I don’t want/I can’t install it on my computer. Can I still use Rp-Bp without installing the package?

Yes, you can use a Docker or a Singularity container. Simply pull, and you’re done! See Installation for instructions. Example calls are also given in the user guide and tutorials.

How do I launch the app remotely?

By default, the application is opened in a browser page on localhost:8050. You don’t have to actually worry about this. But you can also specify a --host and a --port when calling the app, enabling you to launch it from a remote server. In the latter case, however, you have to open a browser page at the correct address. For example, if you use --host 123.123.123.123, then open a page on http://123.123.123.123:8050/. To launch the app from a container, see How to use the containers.

Why is the ORF label not consistent with the host transcript?

In some cases, the ORF label may not be consistent with the host transcript, as reported by the ORF “id” (transcript_seqname:start-end:strand). To resolve such seemingly incoherent assignments, compatible transcripts are reported for each ORF in <genome_name>.orfs-labels.annotated[.orf_note].tab.gz and shown in the prediction dashboard, see More about annotations.

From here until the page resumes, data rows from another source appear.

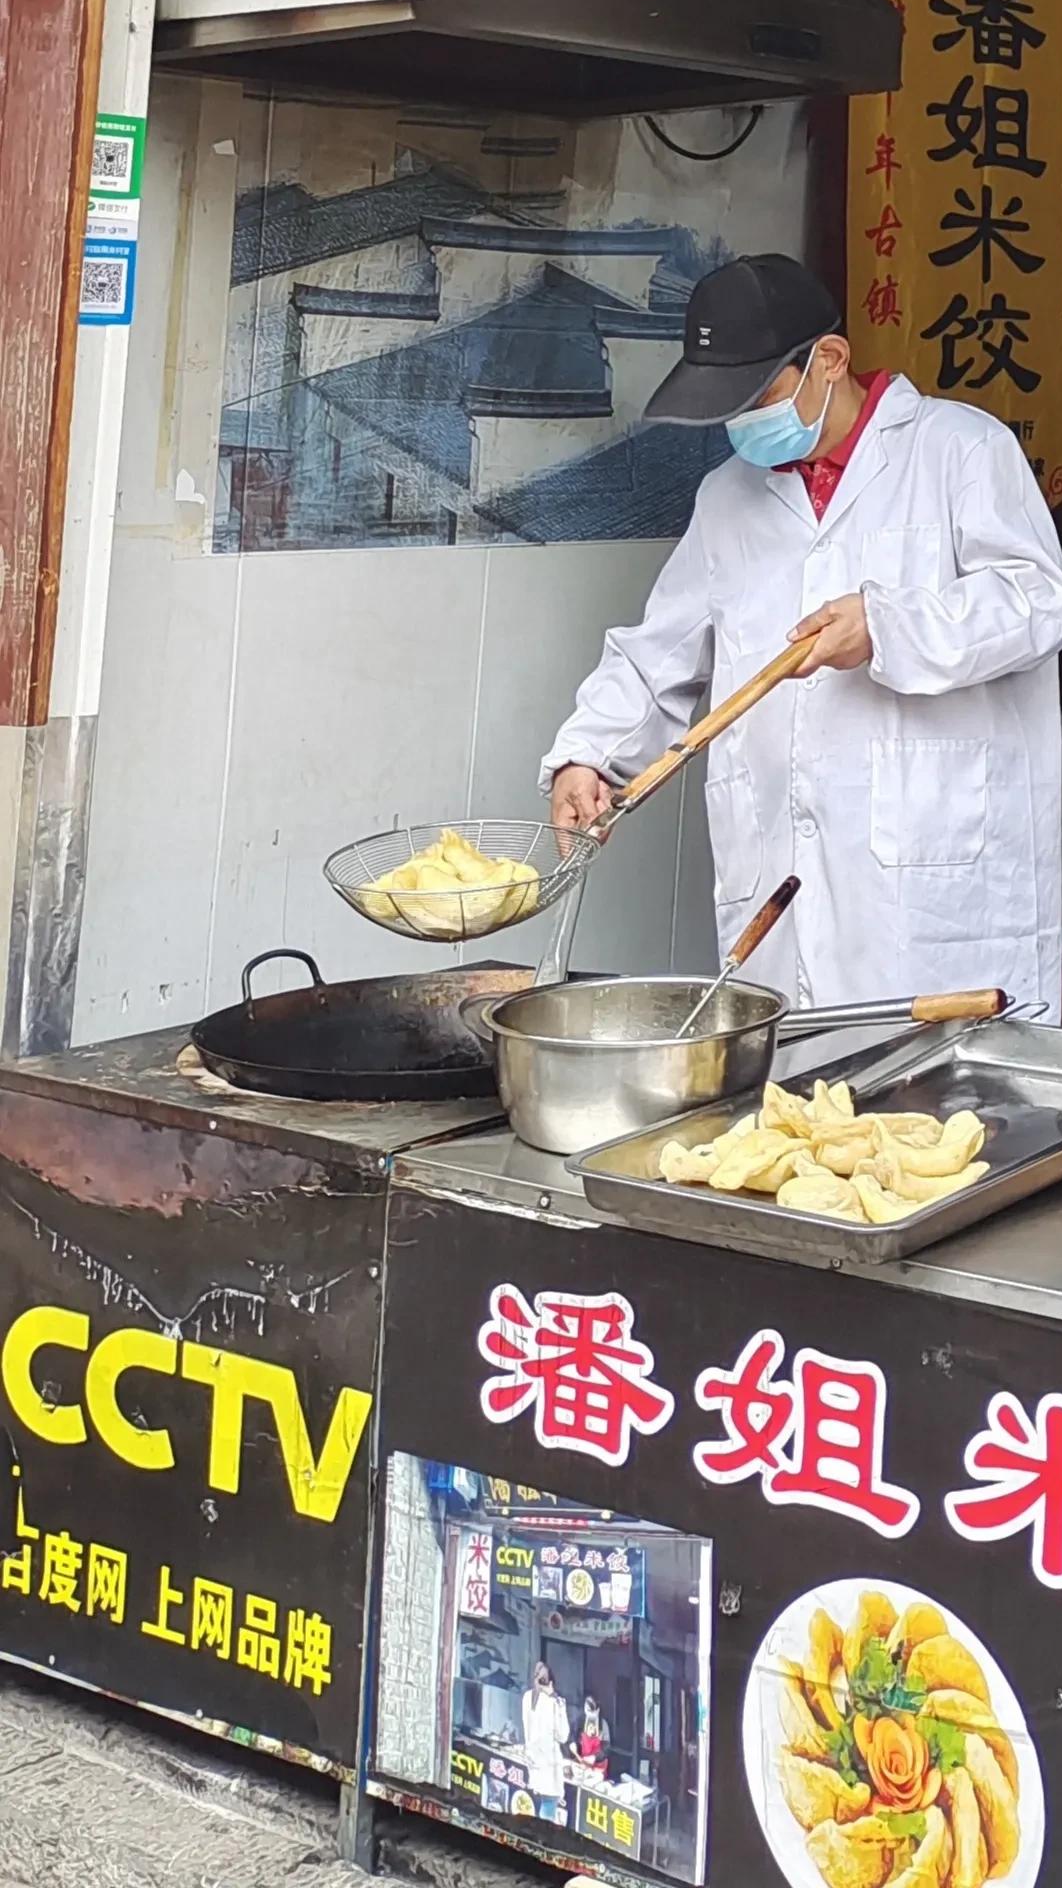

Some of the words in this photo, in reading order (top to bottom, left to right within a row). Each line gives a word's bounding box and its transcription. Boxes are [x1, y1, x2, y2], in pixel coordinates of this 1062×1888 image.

[2, 1306, 373, 1523] CCTV
[464, 1532, 493, 1614] 米饺
[496, 1545, 534, 1570] CCTV
[141, 1565, 332, 1696] 上网品牌
[585, 1796, 635, 1848] 出售
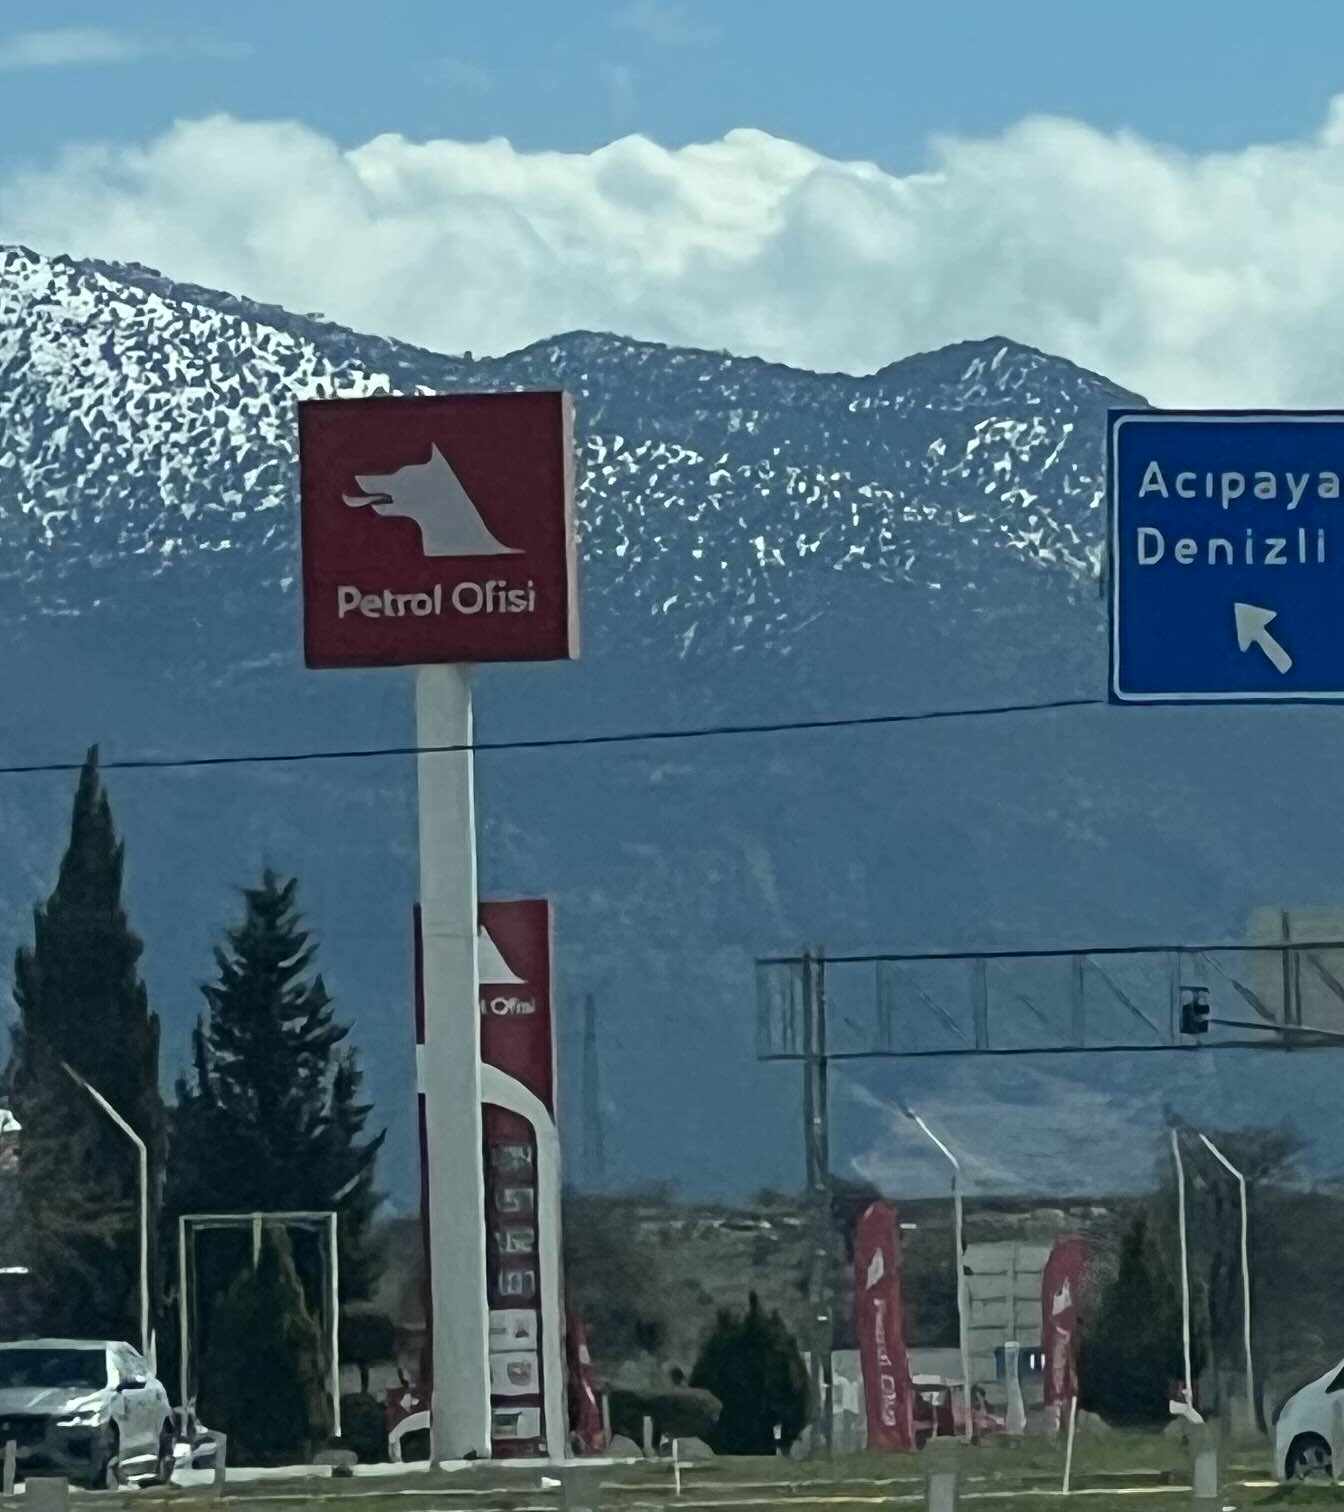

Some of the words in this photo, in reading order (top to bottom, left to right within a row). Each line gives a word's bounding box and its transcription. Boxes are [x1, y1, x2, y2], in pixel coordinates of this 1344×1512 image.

[1137, 527, 1325, 565] Denizli
[337, 584, 442, 618] Petrol
[452, 580, 536, 614] Ofisi

I have my own alignments, can I use Rp-Bp?

The short answer is yes. The pipeline is designed to handle all steps from raw FASTQ files up to the final list of translated Ribo-seq ORFs, but you can start the pipeline from any step. Check the tutorial How to use existing alignment files.

I get errors when calling summarize-rpbp-predictions

The most common errors e.g. AttributeError: 'float' object has no attribute 'left' are due to the bin width for the Circos plot. Try reducing it using --circos-bin-width VALUE (default VALUE: 10000000). You may also have to use --circos-show-chroms if your organism has a different nomenclature. Use summarize-rpbp-predictions --help for details.

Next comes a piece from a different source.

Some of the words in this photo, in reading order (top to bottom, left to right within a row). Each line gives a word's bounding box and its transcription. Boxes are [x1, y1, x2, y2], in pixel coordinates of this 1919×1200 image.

The IGV browser does not load or the predictions app fails to start

The most likely reason is that your reference genome sequence (given by the config key fasta) is not indexed, i.e the file *.fasta.fai is missing. You can create the missing index using samtools faidx.

I get RuntimeWarning: invalid value encountered in divide res, _ = _lowess(y, x, x, np.ones_like(x),

This happens for 3 nt ORFs.

Can Rp-Bp handle matched RNA-seq data?

No, but if you have matched RNA-seq data, you can generate a de novo assembly, which can be used by Rp-Bp, see More about de novo ORF discovery. Check Ribotools for translation efficiency (TE) and differential expression (DE) analyses using matched Ribo-seq and/or RNA-seq data. It uses Rp-Bp for periodicity estimation, and follows the same alignment workflow, directory structure, and naming convention. It can also use the output of Rp-Bp directly, handling separately the RNA-seq data, and combines the results for TE analysis.